During that time I read of a great country, and my heart ached and burned and longed for God to send salvation there. In secret and in family prayer I poured out my heart to God, and I knew He heard and would yet do great things for that dark, sad country. Shortly after this, I learned of dreadful persecutions and the banishment of many simple, earnest Christians to this country; and while I was greatly grieved at their sufferings, yet I thanked God that He was taking this way to get the light of His glorious salvation into that loveless, needy land.
The fact is, sick and resting officers and saints of God can move Him to bless the Army and the world, if they have faith and will storm Heaven with continuous prayers.
There are more ways to chain God's ambassadors than between Roman soldiers in Roman dungeons. If you are hopelessly sick, you are chained. If you are shut in by family cares and claims, you are chained. But remember Paul's chain, and take courage.
I sometimes hear ex-officers, who have deserted their posts and become so entangled that it is impossible for them to get back into Salvation Army work, lamenting their sad fate, and declaring they can do nothing. Let them bow beneath the judgment of God, kiss the hand that smites them, no longer chafe under the chain that binds them, but cheerfully, patiently begin to exercise themselves in the ministry of prayer. If they are faithful, God may yet unloose their chain, and let them out into the happier ministry of work. Esau sold his birthright for a mess of pottage, and missed the mighty blessing he should have had; still he got a blessing (Gen. xxvii. 38-40).
If a man really longs to see God's glory and souls saved rather than to have a good time himself, why should he not content himself to lie on a sick-bed, or stand by a loom and pray, as well as to stand on a platform and preach, if God will bless one as much as the other?

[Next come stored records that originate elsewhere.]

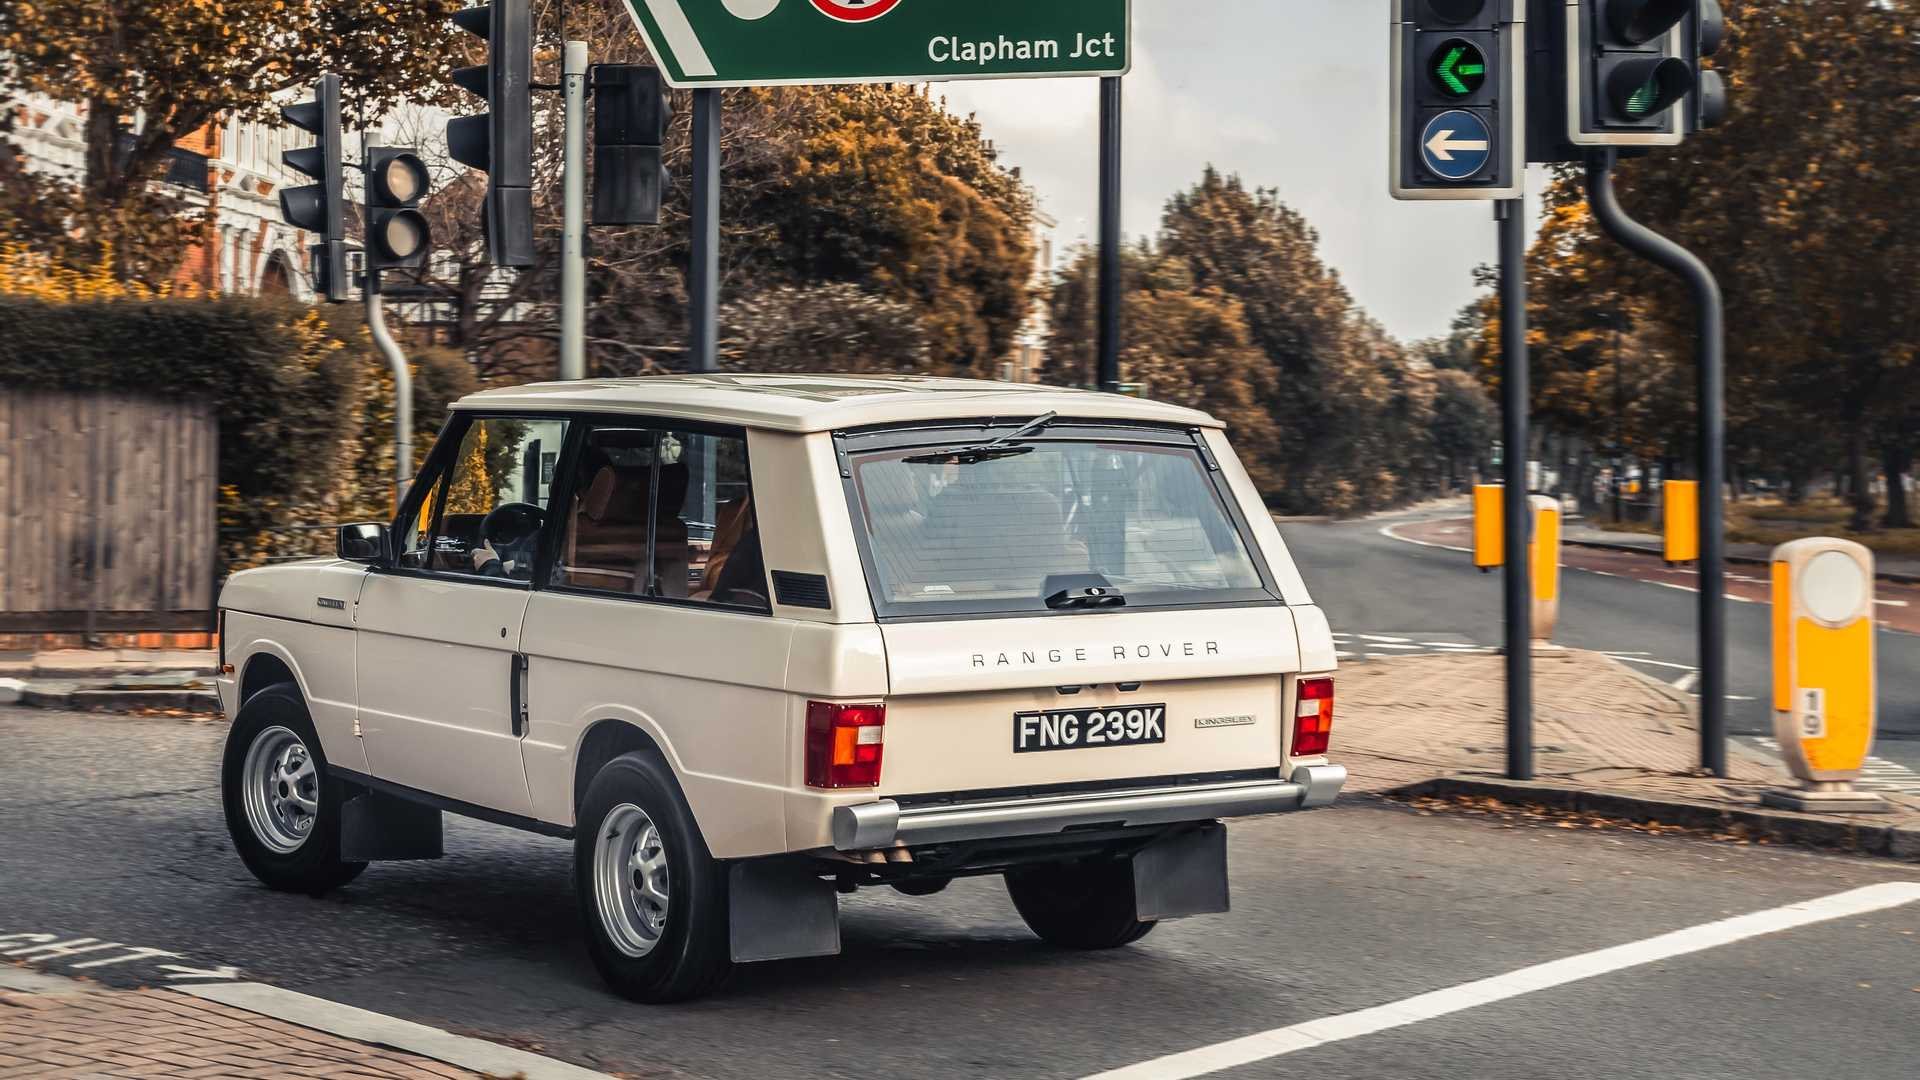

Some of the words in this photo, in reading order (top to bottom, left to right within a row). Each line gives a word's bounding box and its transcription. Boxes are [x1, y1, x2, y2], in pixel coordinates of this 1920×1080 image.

[928, 34, 1058, 65] Clapham
[1069, 32, 1115, 58] Jct
[971, 648, 1087, 668] RANGE
[1112, 641, 1219, 660] ROVER
[1018, 713, 1080, 748] FNG
[1086, 707, 1164, 744] 239K
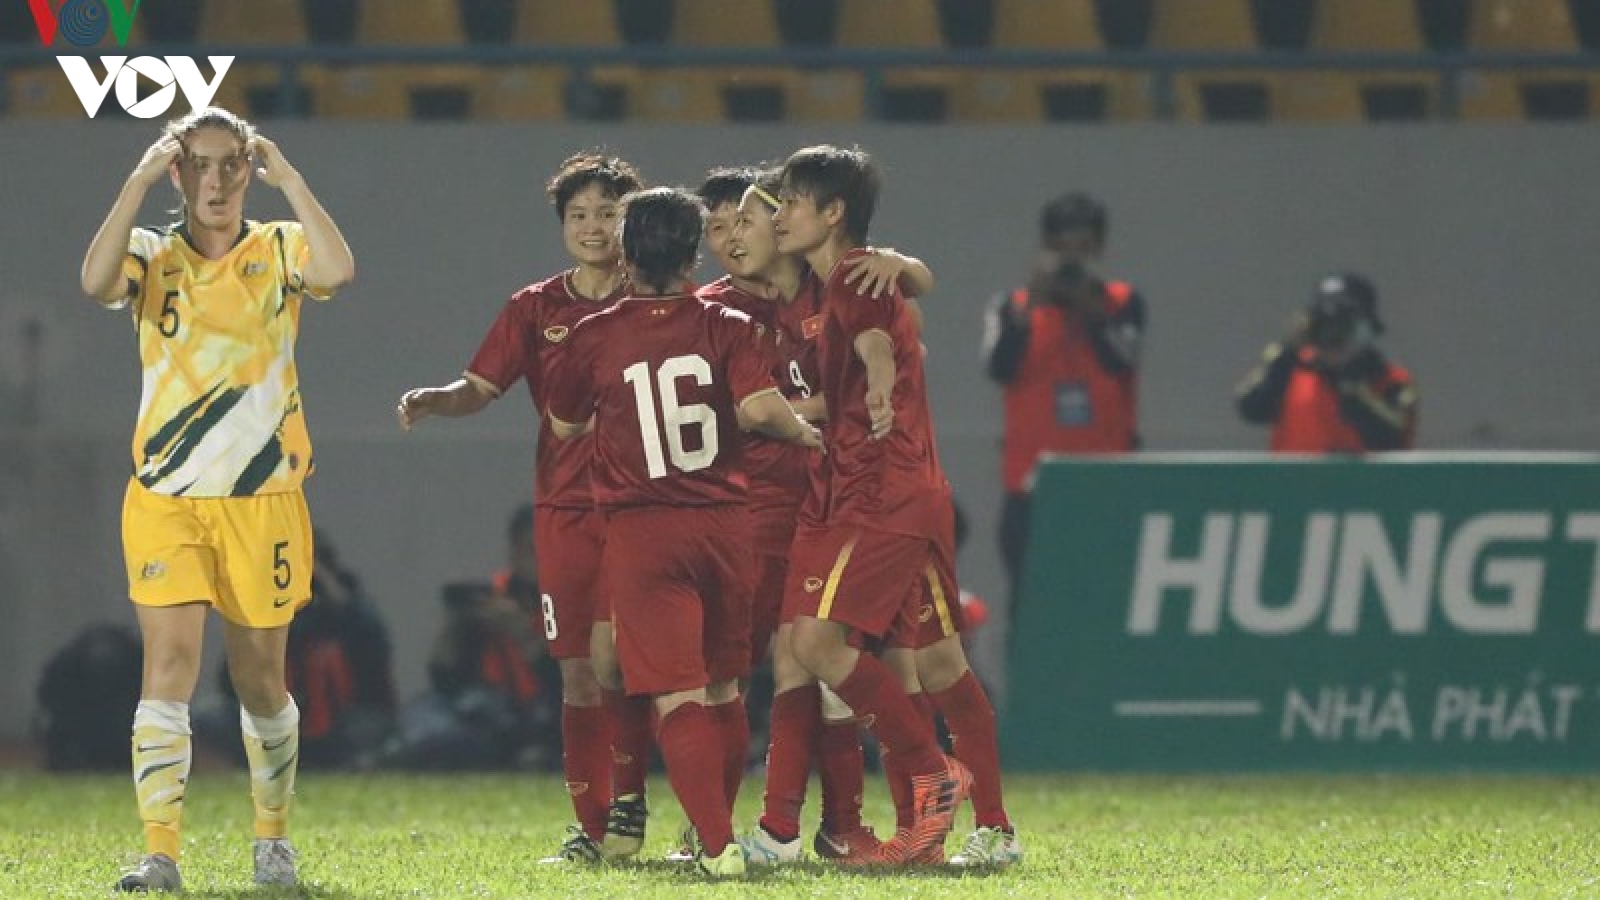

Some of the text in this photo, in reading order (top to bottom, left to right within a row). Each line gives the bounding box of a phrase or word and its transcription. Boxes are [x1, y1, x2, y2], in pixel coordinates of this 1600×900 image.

The platform man can see much of his work and its fruit. The praying man can only feel his. But the certainty that he is in touch with God and being used by Him may be as great or greater than that of the man who sees with his eyes. Many a revival has had its secret source in the closet of some poor washerwoman or blacksmith who prayed in the Holy Ghost, but who was chained to a life of desperate daily toil. The platform man gets his glory on earth, but the neglected, unknown or despised chained ambassador who prayed will share largely in the general triumph, and, it may be, will march by the King's side, while the platform man comes on behind.
God sees not as man sees. He looks at the heart, and regards His children's cry, and marks for future glory and renown and boundless reward all those who cry and sigh for His honor and the salvation of men.

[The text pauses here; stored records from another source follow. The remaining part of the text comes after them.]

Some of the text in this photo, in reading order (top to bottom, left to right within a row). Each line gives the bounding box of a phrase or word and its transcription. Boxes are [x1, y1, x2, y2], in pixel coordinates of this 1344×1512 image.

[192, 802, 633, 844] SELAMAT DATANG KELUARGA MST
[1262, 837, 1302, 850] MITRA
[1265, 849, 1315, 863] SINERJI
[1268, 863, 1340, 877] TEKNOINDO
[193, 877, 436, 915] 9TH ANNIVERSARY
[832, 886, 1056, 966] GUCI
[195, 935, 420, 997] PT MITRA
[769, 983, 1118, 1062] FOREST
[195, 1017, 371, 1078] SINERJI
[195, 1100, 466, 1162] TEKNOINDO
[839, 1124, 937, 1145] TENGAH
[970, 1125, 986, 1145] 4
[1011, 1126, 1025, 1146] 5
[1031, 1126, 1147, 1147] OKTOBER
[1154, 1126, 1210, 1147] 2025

God could have loosed Paul, but He did not choose to do so. But Paul did not grumble, or get sulky, or fall into despair, or lose his joy and peace and faith and power. He prayed and rejoiced and believed and thought about the poor little struggling corps and the weak converts he had left behind him, and he wrote to them, and bore them on his heart, and wept over them, and prayed for them night and day, and in so doing he saved his own soul, and moved God to bless ten thousand times ten thousand folks whom he never saw and of whom he never even dreamed.
But let no one called of God to the work imagine that this lesson of the chained ambassador is for those who are free to go. It is not. It is only for those who are in chains.